Work required ->
Retype the entries exactly, but skip the pictures.

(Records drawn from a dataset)
****************

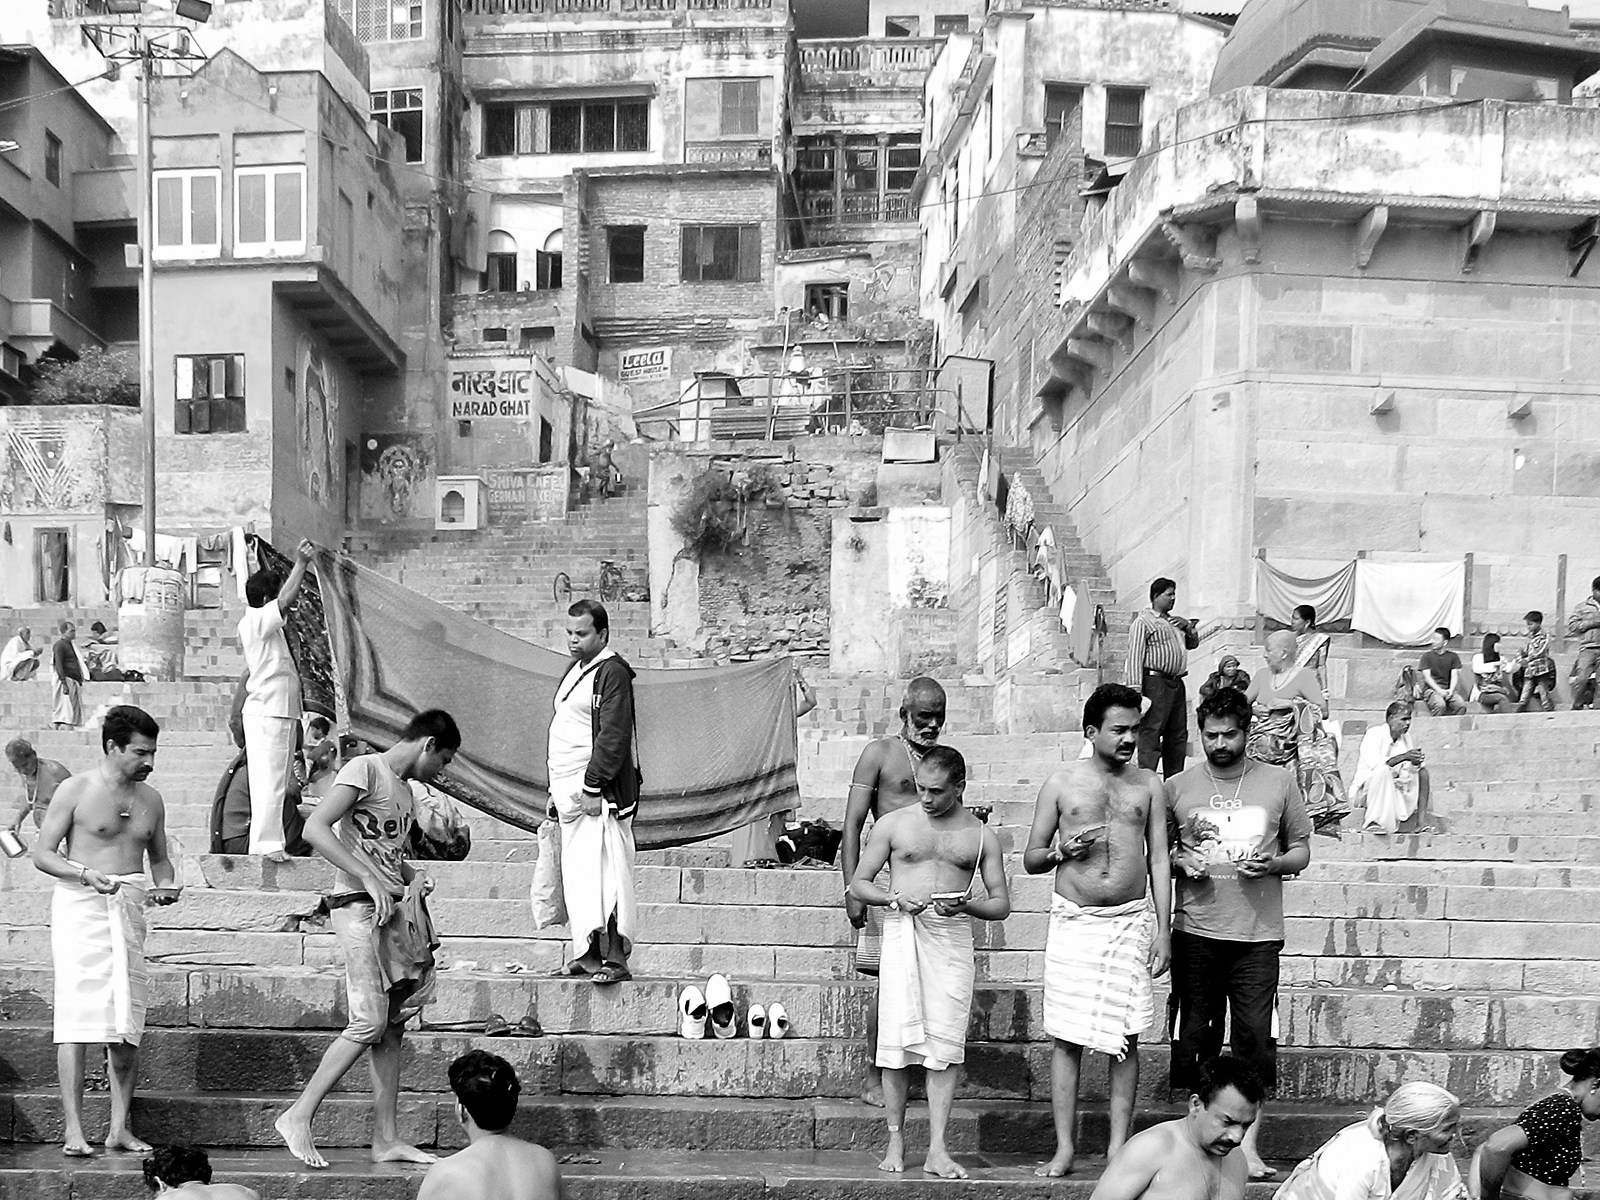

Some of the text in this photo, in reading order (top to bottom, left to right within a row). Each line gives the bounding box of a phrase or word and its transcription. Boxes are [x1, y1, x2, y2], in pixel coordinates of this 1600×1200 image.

[624, 352, 663, 368] Leela
[452, 400, 531, 417] NARAD GHAT
[489, 474, 525, 489] SHIVA
[1209, 794, 1243, 810] Goa

****************

Answer for this exercise ->
Some of the text in this photo, in reading order (top to bottom, left to right within a row). Each line gives the bounding box of a phrase or word and its transcription. Boxes are [x1, y1, x2, y2], in pixel coordinates of this 1600×1200 image.

[624, 352, 663, 368] Leela
[452, 400, 531, 417] NARAD GHAT
[489, 474, 525, 489] SHIVA
[1209, 794, 1243, 810] Goa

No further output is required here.